Suspect illegal state: trying to move shard from primary mode to replica mode

Hi all,

I have a 6 node cluster in production running ES 1.5.0, and I'm seeing these messages roughly 7 times a day across all machines in the cluster. I did some searching, and was not able to find an explanation of why this might be happening, and what I could do to fix it.

The shards that are in error are different across all machines, if that helps.

The one thread I found mentioned making sure that: discovery.zen.minimum_master_nodes is set appropriately, which mine is!

All other mentions of this error are for some really old versions of ES, so I'm at a bit of a loss.

Might anyone have a suggestion?
Many thanks,
Chris

Is anything else happening around that time, index creation or something else?

Thanks Mark.

Not index creation, but definitely document indexing is going on.

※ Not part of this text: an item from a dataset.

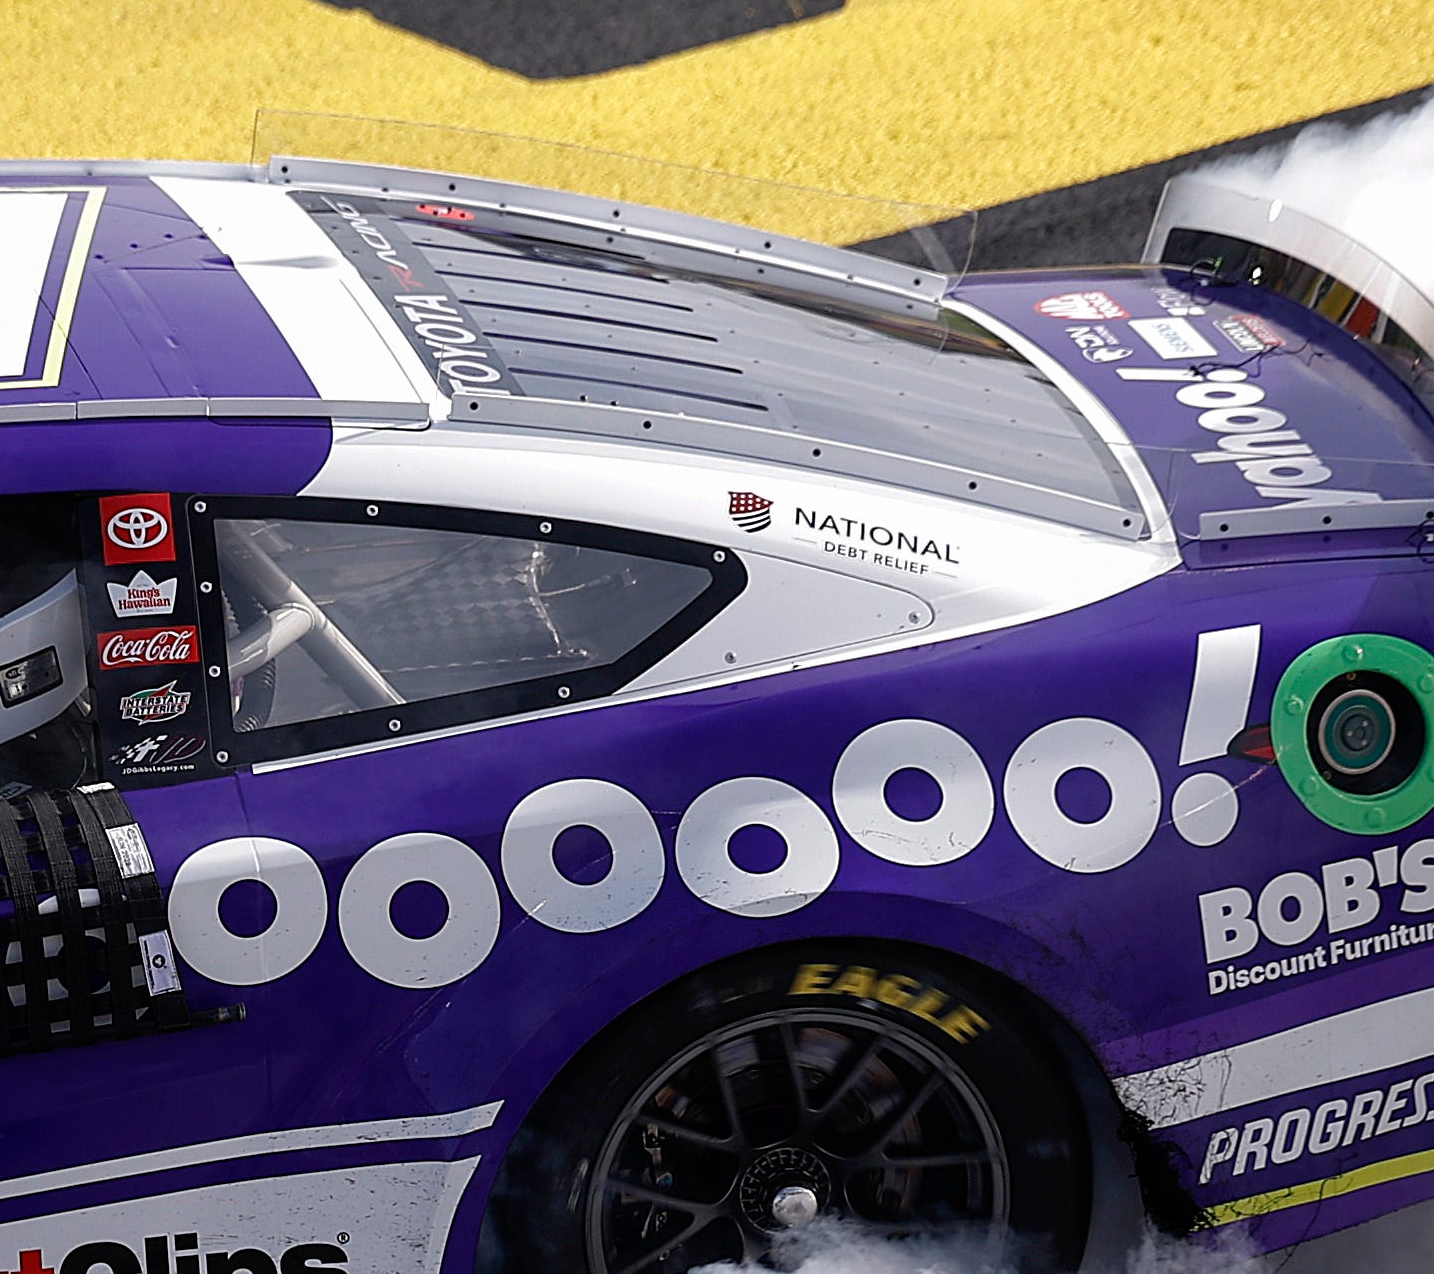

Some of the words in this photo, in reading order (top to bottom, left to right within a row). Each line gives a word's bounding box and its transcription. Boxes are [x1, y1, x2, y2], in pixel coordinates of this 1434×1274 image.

No searches to speak of either. The index rate is pretty heavy, as I do see the "now throttling indexing" messages for other indexes, not the ones that are reported to be in illegal states.

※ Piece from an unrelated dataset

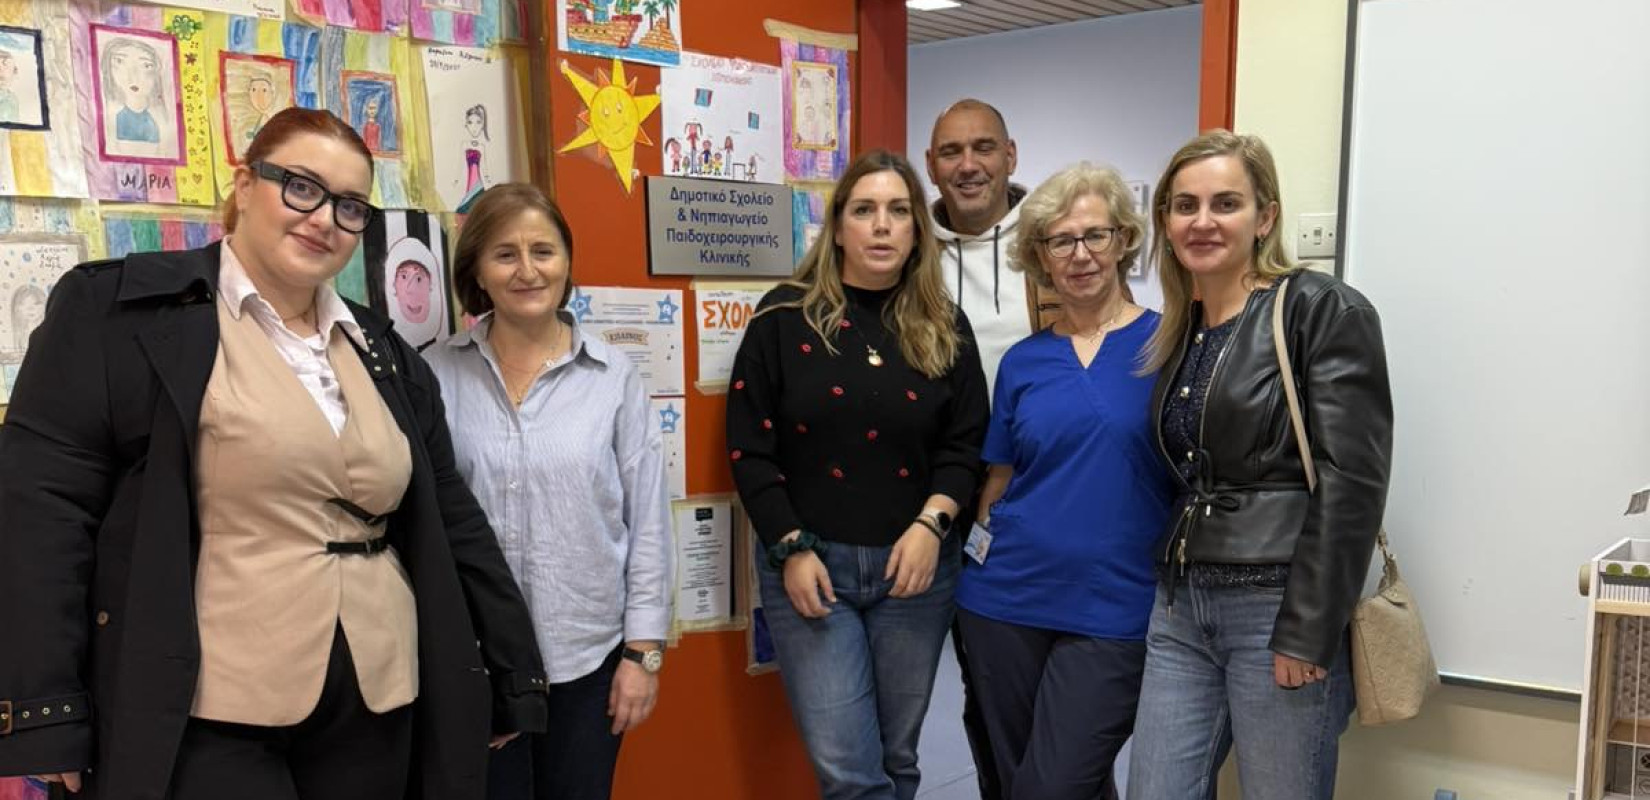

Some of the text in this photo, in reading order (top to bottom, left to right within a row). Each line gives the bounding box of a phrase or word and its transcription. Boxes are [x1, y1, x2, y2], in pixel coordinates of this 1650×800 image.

Sorry that's not much to go on.
Chris

Can you paste a few of the logs lines that contain this, as well as the lines around it for context (if there's any).

Certainly!

Here's one:

[2015-06-18 10:47:28,695][INFO ][index.engine             ] [elasticsearch-bdprodes02] [derbysoft-agoda-20150618][0] stop throttling indexing: numMergesInFlight=2, maxNumMerges=3
[2015-06-18 10:47:38,475][INFO ][index.engine             ] [elasticsearch-bdprodes02] [derbysoft-carlson-20150618][1] now throttling indexing: numMergesInFlight=4, maxNumMerges=3
[2015-06-18 10:47:38,529][INFO ][index.engine             ] [elasticsearch-bdprodes02] [derbysoft-carlson-20150618][1] stop throttling indexing: numMergesInFlight=2, maxNumMerges=3
[2015-06-18 11:28:52,276][WARN ][index.shard              ] [elasticsearch-bdprodes02] [derbysoft-apache-20150612][1] suspect illegal state: trying to move shard from primary mode to replica mode
[2015-06-18 11:44:35,129][INFO ][index.engine             ] [elasticsearch-bdprodes02] [derbysoft-agoda-20150618][0] now throttling indexing: numMergesInFlight=4, maxNumMerges=3
[2015-06-18 11:44:35,653][INFO ][index.engine             ] [elasticsearch-bdprodes02] [derbysoft-agoda-20150618][0] stop throttling indexing: numMergesInFlight=2, maxNumMerges=3

and another:

[2015-06-17 00:40:55,260][INFO ][cluster.metadata         ] [elasticsearch-bdprodes01] [derbysoft-agoda-20150617] update_mapping [http_access_dwarf4agodaplugin] (dynamic)
[2015-06-17 00:49:02,716][WARN ][index.shard              ] [elasticsearch-bdprodes01] [derbysoft-apache-20150615][1] suspect illegal state: trying to move shard from primary mode to replica mode
[2015-06-17 00:52:19,905][INFO ][index.engine             ] [elasticsearch-bdprodes01] [derbysoft-bestwestern-20150617][0] now throttling indexing: numMergesInFlight=4, maxNumMerges=3

and one more:

[2015-06-17 07:47:28,336][INFO ][index.engine             ] [elasticsearch-bdprodes01] [derbysoft-hilton-20150616][1] stop throttling indexing: numMergesInFlight=2, maxNumMerges=3
[2015-06-17 07:47:29,305][INFO ][index.engine             ] [elasticsearch-bdprodes01] [derbysoft-hilton-20150616][1] now throttling indexing: numMergesInFlight=4, maxNumMerges=3
[2015-06-17 07:47:29,395][INFO ][index.engine             ] [elasticsearch-bdprodes01] [derbysoft-hilton-20150616][1] stop throttling indexing: numMergesInFlight=2, maxNumMerges=3
[2015-06-17 07:47:44,288][INFO ][index.engine             ] [elasticsearch-bdprodes01] [derbysoft-hilton-20150615][0] now throttling indexing: numMergesInFlight=4, maxNumMerges=3
[2015-06-17 07:47:44,357][INFO ][index.engine             ] [elasticsearch-bdprodes01] [derbysoft-hilton-20150615][0] stop throttling indexing: numMergesInFlight=2, maxNumMerges=3
[2015-06-17 07:48:06,648][WARN ][index.shard              ] [elasticsearch-bdprodes01] [derbysoft-apache-20150617][1] suspect illegal state: trying to move shard from primary mode to replica mode
[2015-06-17 07:57:50,387][INFO ][cluster.metadata         ] [elasticsearch-bdprodes01] [derbysoft-hilton-20150617] update_mapping [hotel_avail_hiltonplugin4agoda] (dynamic)
[2015-06-17 07:58:52,801][INFO ][index.engine             ] [elasticsearch-bdprodes01] [derbysoft-hilton-20150617][1] now throttling indexing: numMergesInFlight=4, maxNumMerges=3

Thank you again.
Chris

https://github.com/elastic/elasticsearch/issues/11395 may be related.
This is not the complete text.